For 2021, the Sapphire Reserve came with an optional, complimentary DoorDash DashPass membership valued at $120. Plus, since I actually rented cars this year, the Sapphire Reserve helped me save additional monies there too. You see, for Maui, at the time of booking, the non-Sapphire Reserve rate was $800.83 for a mid-size car for five days. Alamo via Costco was priced at $508.60, which was the cheapest of their options. My Sapphire Reserve pricing? $426.89. So, the card saved me at least $81.71.
All this means that I’ve netted out over $150 in value after zeroing out the annual fee for the Sapphire Reserve. That’s a win!

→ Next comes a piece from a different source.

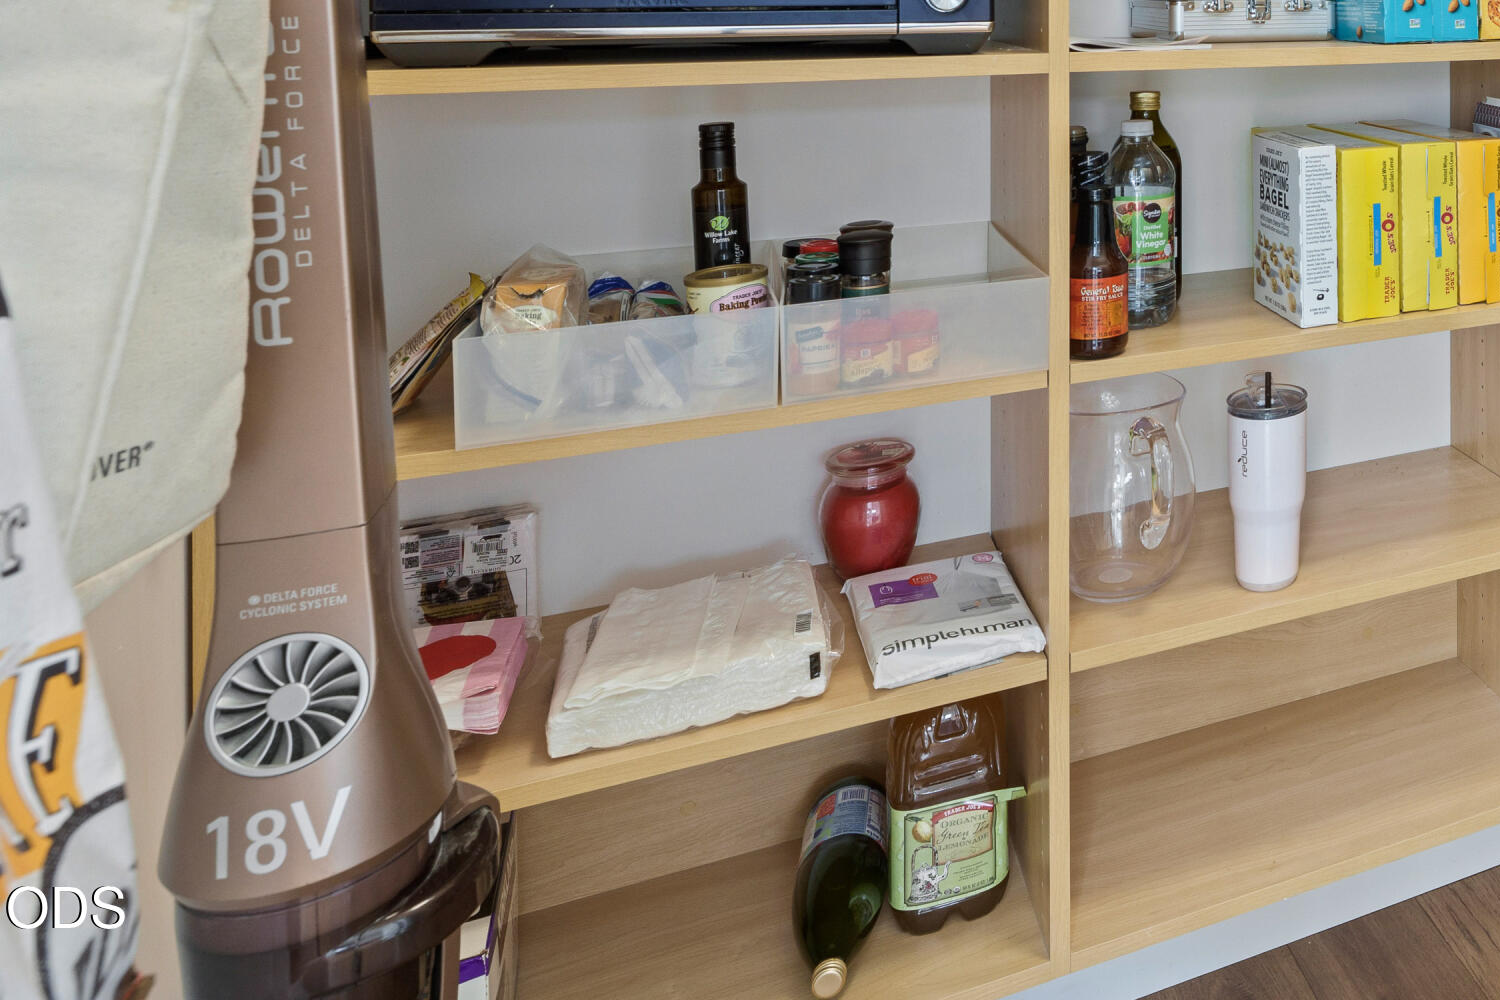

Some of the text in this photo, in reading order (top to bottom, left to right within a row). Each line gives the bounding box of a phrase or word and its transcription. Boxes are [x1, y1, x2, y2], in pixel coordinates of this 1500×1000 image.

My next most expensive card is the Hilton Aspire at $450. But, again, I’m not paying an annual fee this year. That said, I did get to use its benefits. Since I stayed at the Grand Wailea last month, I was able to use a weekend free night there (at least $600 in value), I got $100 worth of Diamond member F&B credits and used the Aspire’s $100 annual resort credit. That gives me a net benefit of $200 for 2021. Of course, I also earned 5,488 Hilton Honors points with the card. At an average value of about $0.005 per point, that’s about $27, giving me a total value of $827.

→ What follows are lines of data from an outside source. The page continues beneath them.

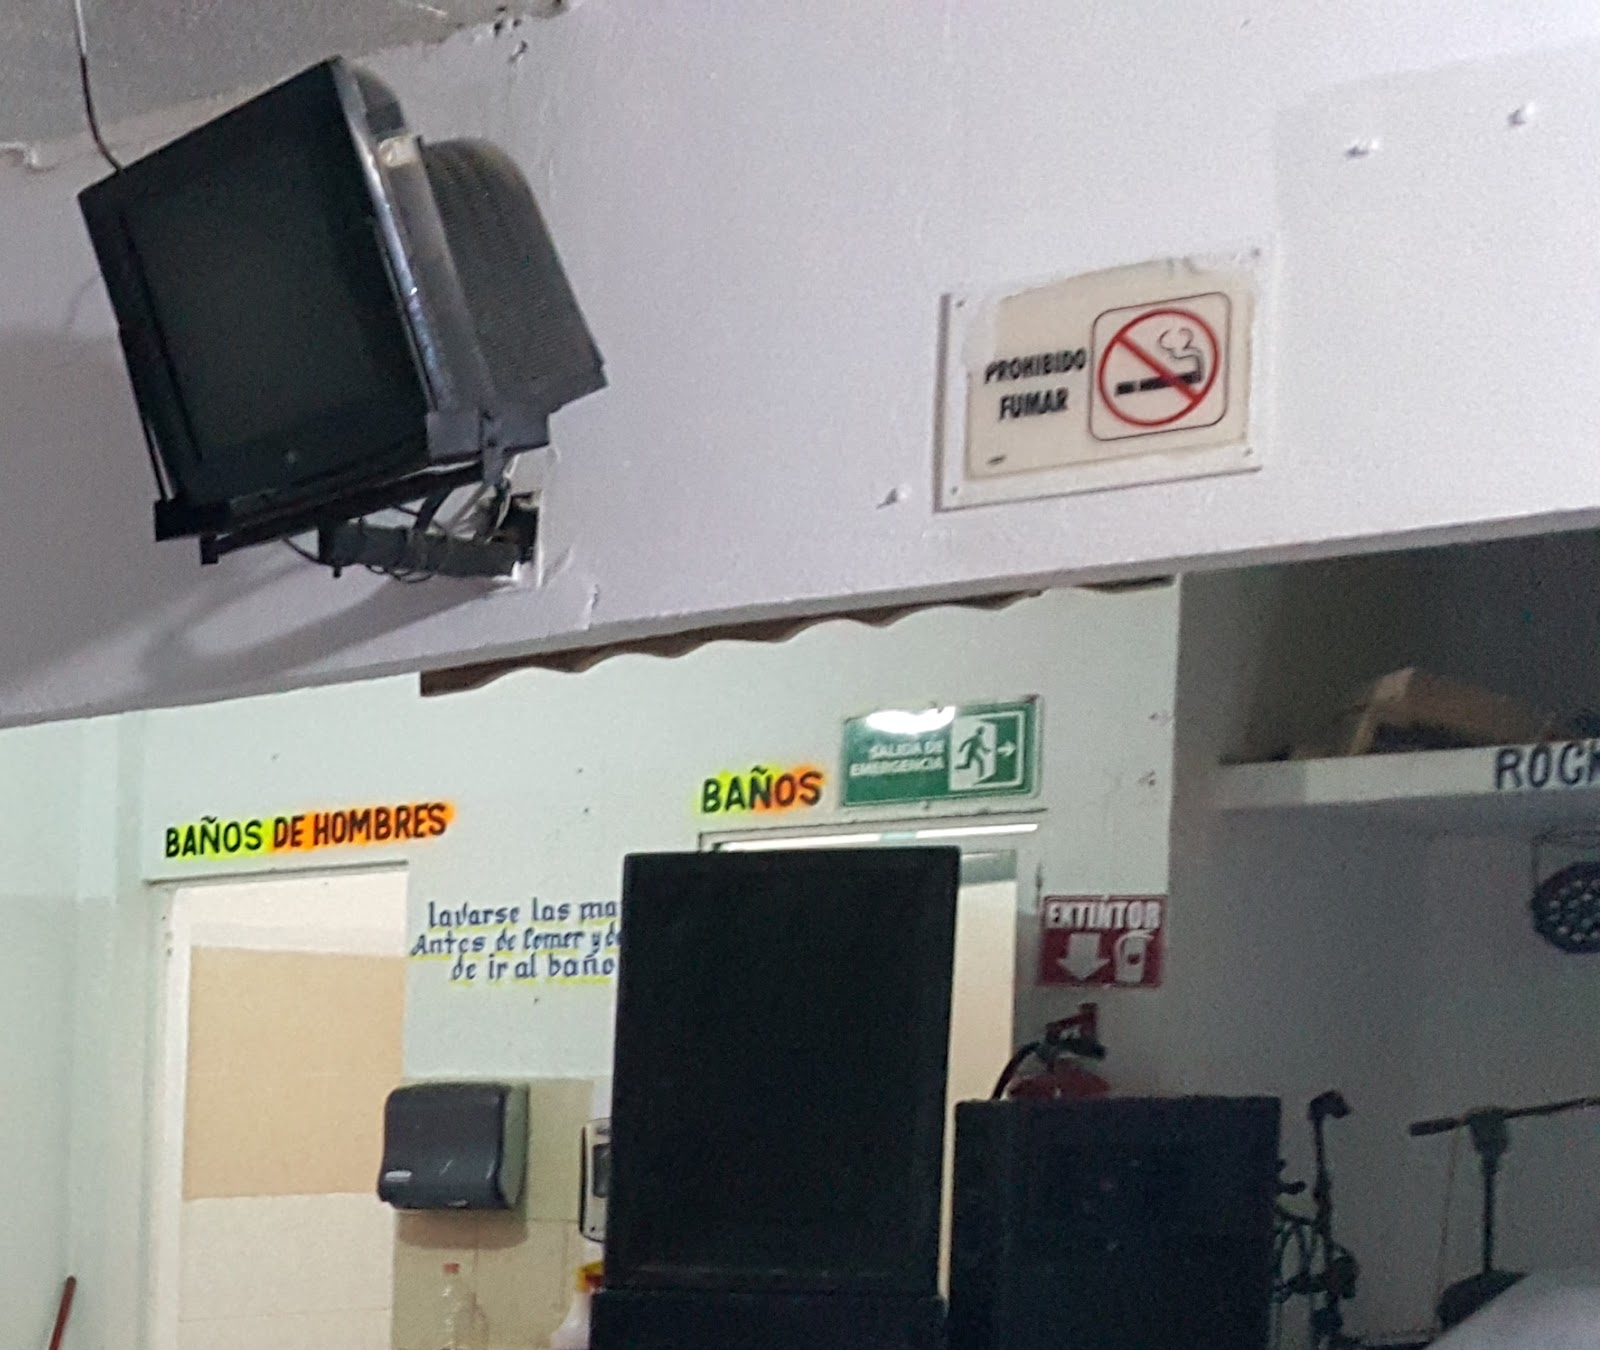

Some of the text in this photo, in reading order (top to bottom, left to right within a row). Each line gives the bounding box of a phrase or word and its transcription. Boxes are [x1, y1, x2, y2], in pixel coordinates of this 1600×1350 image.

[984, 346, 1087, 384] PROHIBIDO
[999, 387, 1068, 420] FUMAR
[701, 765, 824, 814] BAÑOS
[165, 802, 448, 858] BAÑOS DE HOMBRES
[580, 901, 617, 921] ma
[1047, 901, 1161, 930] EXTINTOR
[410, 930, 486, 956] Antes
[495, 927, 516, 951] de
[452, 956, 477, 980] de
[488, 953, 509, 979] ir
[549, 953, 615, 978] baño

I didn’t use the Hilton Surpass much this year, earning just 5,982 worth $29.91, meaning I’m in the hole by about $70 with this card. That said, I do plan on using it more in 2021 and should be able to extract more value from it.
Marriott Bonvoy Premier
This is a card that I just can’t seem to give up even though there are better Marriott card values out there. Why? Because it’s the only Marriott card that still earns elite qualifying nights for your spend at a rate of 1 EQN per $3,000 in spend. Not that this should matter to me anymore, as I’m a Lifetime Platinum Elite. But, the card helped me to keep Titanium Elite status over the past couple of years.
That said, the $85 annual fee is one of my lowest ones. Plus, I was able to redeem my certificate this year for a hotel night I would’ve otherwise would have had to pay $189 for. So, the way I see it, I got my money’s worth from the card. But, I did also earn about 33,500 from the card too, worth $234.50. That makes my Marriott Bonvoy Premier card my best value for 2021.
Alaska Air Visa
The sole reason to have the Alaska Air Visa is for their annual BOGO certificate. Unfortunately, I didn’t use my Companion Certificate this year. That said, they did give me up to 2% cash back on up to $1,500 in spend, while still earning miles. So, I earned $30 cash back and 1,500 miles worth $27. Of course, that equates to a total value of $57 this year, which doesn’t make up for the $75 annual fee, but this card more than earns its keep from all my past use.
Hawaiian Airlines World Elite Mastercard
This year, I used my Hawaiian Airlines World Elite Mastercard to pay comp one checked bag for one flight. That gave me a value of $30, reducing its effective annual fee to $69. That’s not great and this card continues to be the one most at risk of getting canceled.
World of Hyatt Visa
I’ve tried to stay at Hyatts. But, as you know, they play games with many of the hotels I want to stay at. So, I haven’t been successful at staying with them. As a result, I haven’t used the card at all and have gained zero benefits from it. However, I’m not canceling it yet, as I’m not sure what I’ll do once Marriott tosses its award chart later in 2022.
I Paid $1,082 in Annual Fees in 2021, Final Thoughts
$1082. That’s a lot of money. But, if I deducted all of my earnings, my net annual fees paid for 2021 come out to -$1029.50. In other words, my cards provided me $1029.50 in total value AFTER deducting all of my annual fees. That’s damn good, in my opinion. Could it be better? Sure. If we actually flew more, my Alaska card would’ve returned even more value, as would my Hilton Aspire. But, given the state of the world, I’m happy with this.